Maharashtra Chief Minister Uddhav Thackeray on Tuesday (May 19) said 1,972 persons have returned to Mumbai under the Vande Bharat Mission so far.
In a statement, the Chief Minister said 1,972 Indians were brought back to Mumbai from 10 countries in 13 special flights, while at least 27 more flights were expected to arrive in the city.
At least 822 of these passengers were from Mumbai itself, 1,025 belonged to other parts of Maharashtra and 125 were from other states, he said.
According to the statement, 653 people arrived from London, 243 from Singapore, 150 from Manila, 107 each from San Francisco and Dhaka, 208 from New York, 201 from Kuala Lumpur, 195 from Chicago, two from Kuwait, 78 from Addis Ababa, 12 from Kabul, and 16 from Muscat.
The government said thermal screening will be conducted for all passengers by health officials, keeping in line with the Standard Operation Procedure (SOP) issued by the Maharashtra government in accordance with the guidelines issued by the Ministry of External Affairs (MEA).
Travellers were put under institutional quarantine at different hotels in the city or in their home districts, Thackeray said. Residents of other states whose governments have not given them permission to return home are quarantined in Mumbai, he added.
The government said all passengers will have to download the Aarogya Setu mobile application on arrival and will be quarantined at a paid facility for a period of 14 days, from the date of arrival.

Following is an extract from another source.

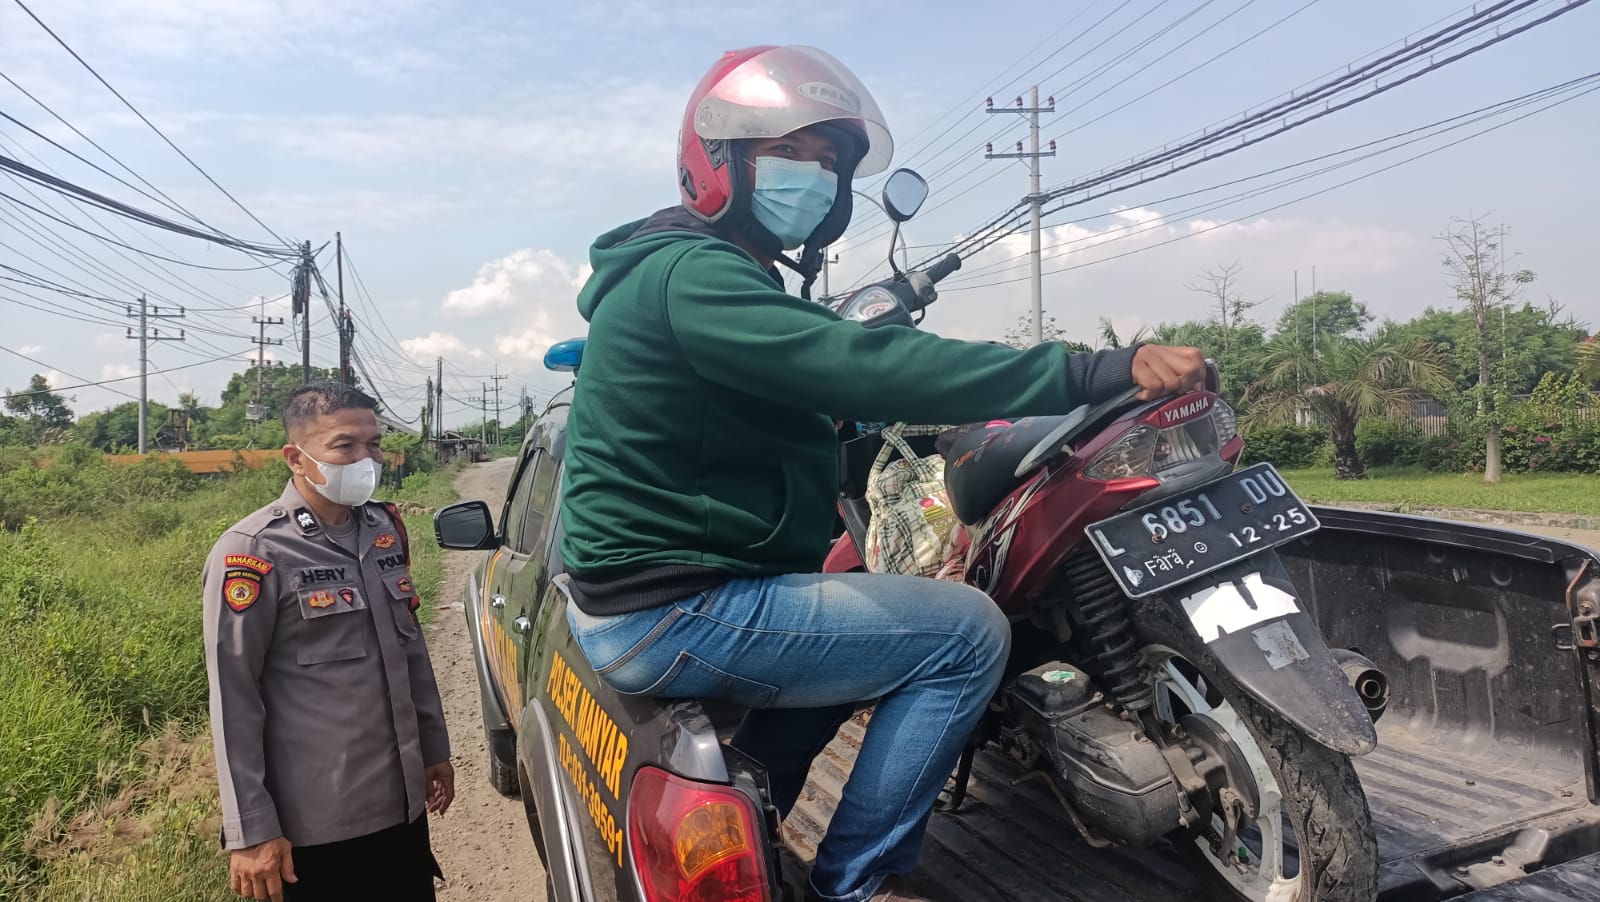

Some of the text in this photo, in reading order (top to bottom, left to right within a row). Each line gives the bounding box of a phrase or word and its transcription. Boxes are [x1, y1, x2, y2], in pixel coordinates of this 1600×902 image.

It added that the Mumbai civic body has arranged 3,343 rooms in 88 hotels to quarantine people returning from various countries. These 88 hotels are of various categories — 2/3/4/5 star hotels.
A few service apartments and Oyo hotels are also said to be in the list of these 88 hotels.
BEST buses and taxis have been arranged to transport passengers from the airport to the paid quarantine facilities.
Starting from May 7, India began a phased repatriation of its citizens stranded abroad due to the COVID-19 pandemic and subsequent lockdown under the Vande Bharat Mission.
While the mission to bring back citizens stranded abroad has been appreciated in general, it has also received criticism for a variety of reasons.
First, according to a report by the Hindustan Times, passengers claimed they were made to pay for staying at the quarantine facilities, some of which were very expensive.
One of the passengers, a 60-year-old retired government official claimed he and 50 other passengers had to spend somewhere around ₹87,000 for quarantine at a five-star hotel in Santacruz.
He also said that he spent over ₹2 lakh for him and his wife for the airplane tickets and quarantine facility.
Meanwhile, netizens, political leaders and many others spoke out on social media and other platforms about the plight of migrant workers, many of whom were treated poorly, forced to stay back stranded, not taken care of properly with regard to transportation back to their hometowns, or left to survive on their own.
They hit out that while migrants were left to deal with this crisis mostly on their own, the government was making special arrangements to save the Indian nationals stranded abroad.